The noble Baroness also referred to school-leavers, a subject which, as she said, we have discussed before. As I explained at the time, there is a considerable background to the change. We are very conscious of the concern that has been expressed by educational interests suggesting that the new rules will have had the effect of discouraging pupils from staying on to sit their examinations. The Department of Education and Science will be monitoring the examination position this year. The Government have made it clear that if there is clear evidence that the new rules have had negative consequences, they will be prepared to review the change.

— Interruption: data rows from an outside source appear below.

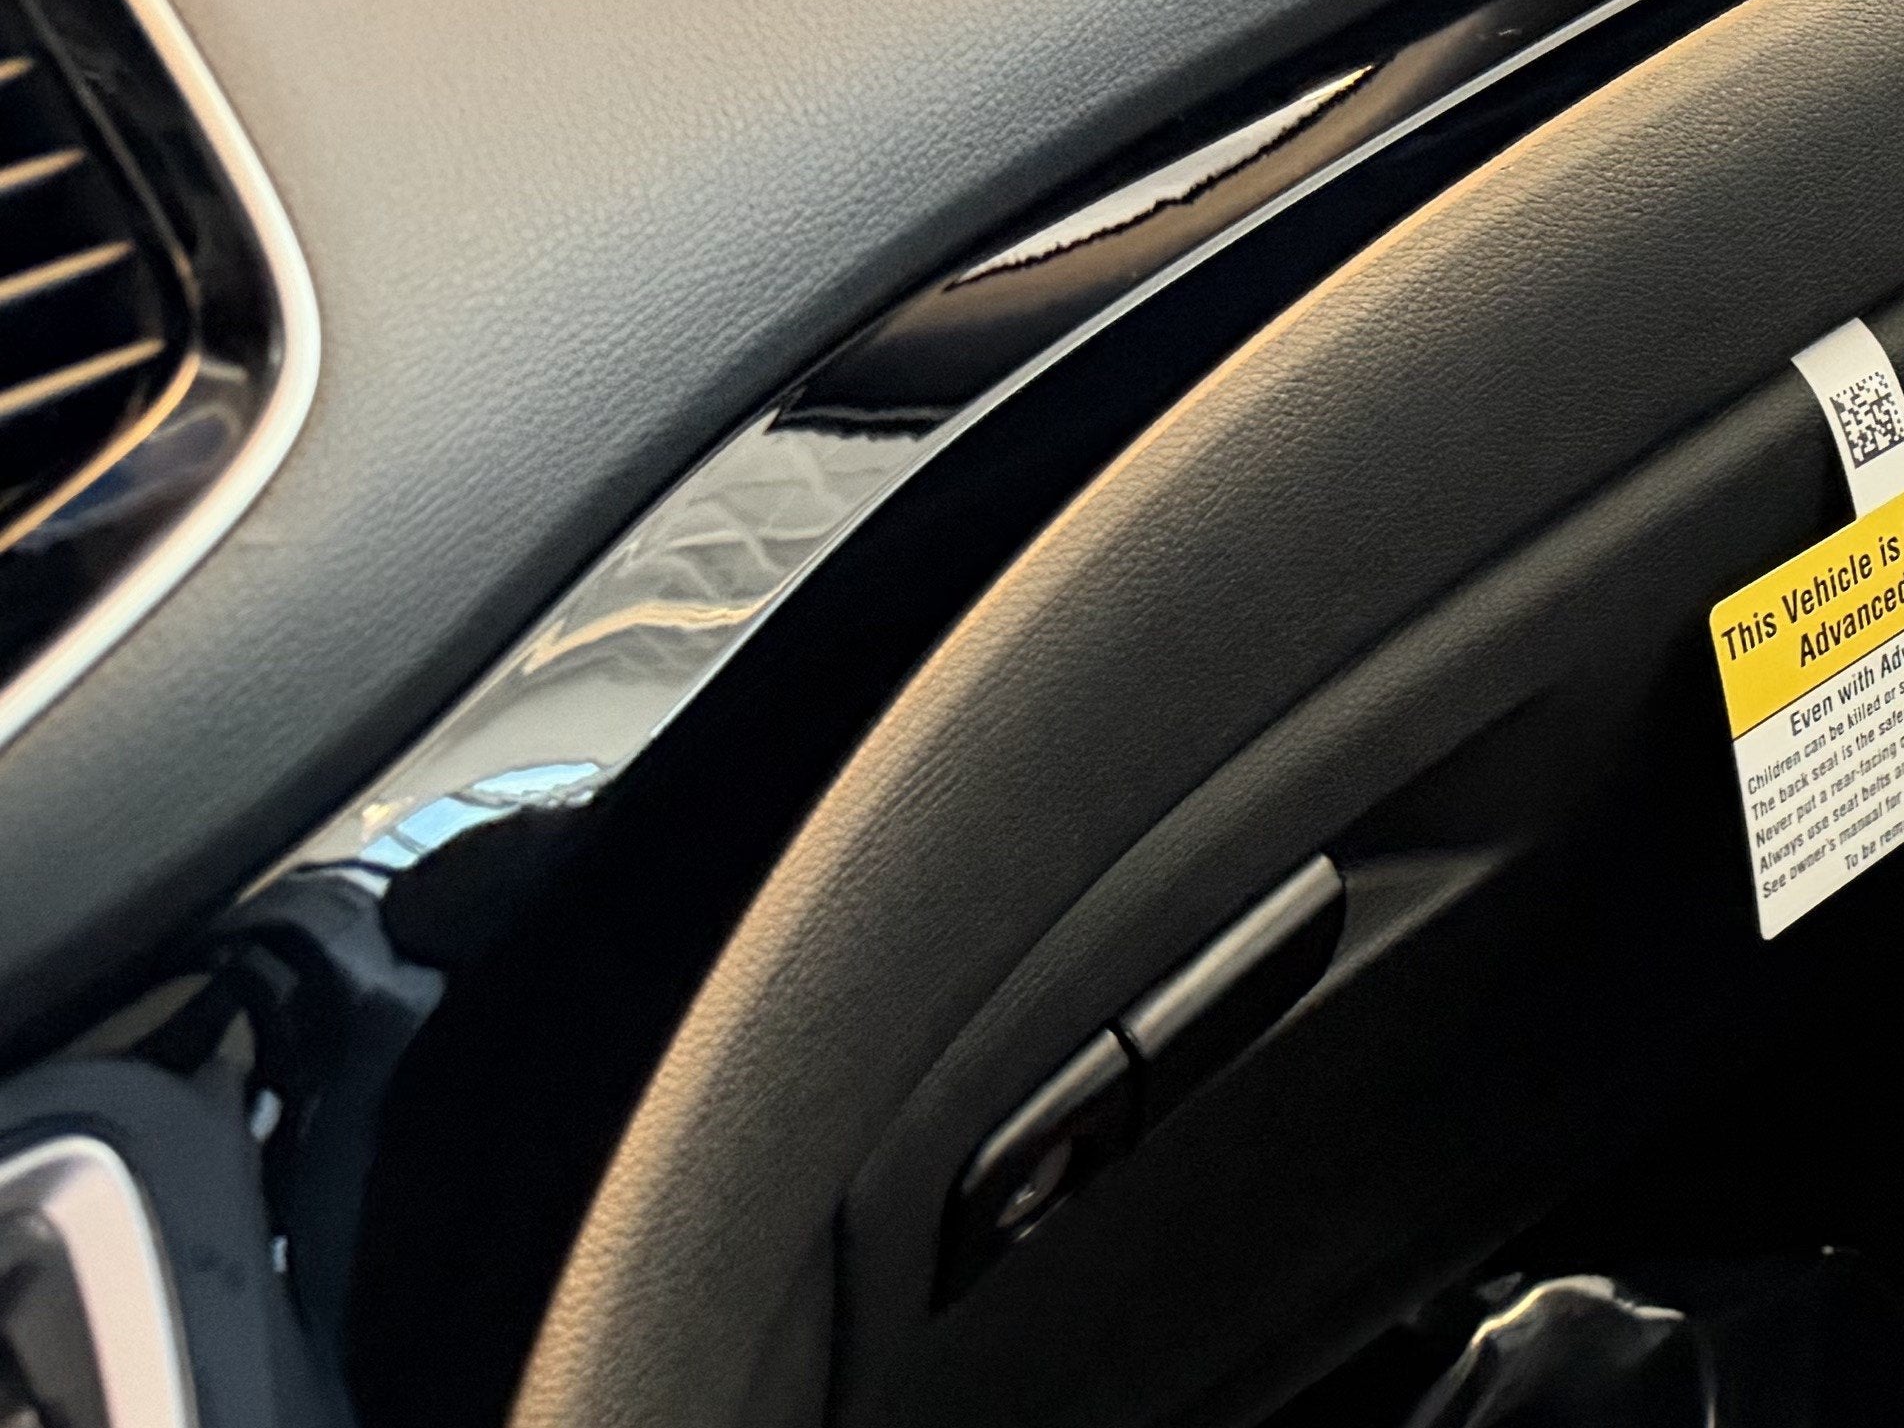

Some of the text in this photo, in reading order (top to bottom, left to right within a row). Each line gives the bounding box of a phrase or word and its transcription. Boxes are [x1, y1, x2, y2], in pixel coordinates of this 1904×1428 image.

[1721, 612, 1778, 661] This
[1782, 553, 1873, 623] Vehicle
[1879, 536, 1900, 567] is
[1748, 750, 1801, 795] Children
[1804, 734, 1826, 758] can
[1828, 722, 1844, 742] be
[1847, 694, 1881, 730] killed
[1884, 687, 1896, 705] or
[1789, 696, 1833, 736] Even
[1837, 665, 1875, 705] with
[1751, 796, 1776, 821] The
[1779, 773, 1809, 804] back
[1812, 751, 1839, 781] seat
[1842, 744, 1853, 761] is
[1855, 729, 1875, 751] the
[1756, 812, 1794, 848] Never
[1796, 795, 1817, 823] put
[1820, 790, 1828, 804] a
[1831, 742, 1897, 797] rear-facing
[1760, 833, 1804, 873] Always
[1807, 816, 1829, 840] use
[1833, 793, 1859, 822] seat
[1861, 773, 1892, 802] belts
[1762, 874, 1786, 899] See
[1790, 836, 1836, 880] owner's
[1839, 802, 1883, 845] manual
[1885, 791, 1901, 812] for
[1844, 853, 1859, 870] To
[1861, 840, 1876, 860] be

The noble Baroness and the two noble Lords who have spoken referred to the capital disregard. Your Lordships will know that the operation of the new capital rule is the subject of a special inquiry by the supplementary benefit policy inspectorate. We shall consider the application of the rule, including the effect of the level of the disregard, in the light of the inspectorate's report, and I shall ensure that comments made by noble Lords are made known to them. I do not think I can say anything at the moment about the household repairs point that the noble Baroness made. If I may, I will write to her on that.

The noble Lord, Lord Banks, asked about the hot-water cylinder jackets. This seems a surprising point, but the simple answer is one of cost. The financial provision for these payments has had to be found from existing resources, and necessary resources to enable payments to be made for hot-water cylinder jackets cannot be made available until November. Hence the payments cannot be made until then. The noble Lord also asked whether we were going to follow the suggestion by the CPAG on the citing of regulations when a benefit was modified or not given. When the new scheme was introduced it was the intention to follow National Insurance practice, as the noble Lord mentioned, in quoting to the claimant the benefit officer's decision where the decision was a refusal of benefit or an award of a modified benefit, and that the decision quoted should give the regulations on which it was based.

Because the forms had to go to print very early before the regulations were published these references had to be in general terms. In reprinting the forms in question the references to this will be more specific. But to give regulation references on all decisions would hardly be practicable. For example, the award of a weekly payment will be based on a whole range of individual regulations, and it would be scarcely feasible to quote them all, so this is really a transitional problem. I hope I have answered at any rate most of the questions I have been asked. I will write to noble Lords if there are any that I have left out.

On Question, Motion agreed to.

Lord Lyell

My Lords, I beg to move that the House do adjourn during pleasure until eight o'clock, as I understand was agreed by the usual channels.

Moved accordingly, and, on Question, Motion agreed to.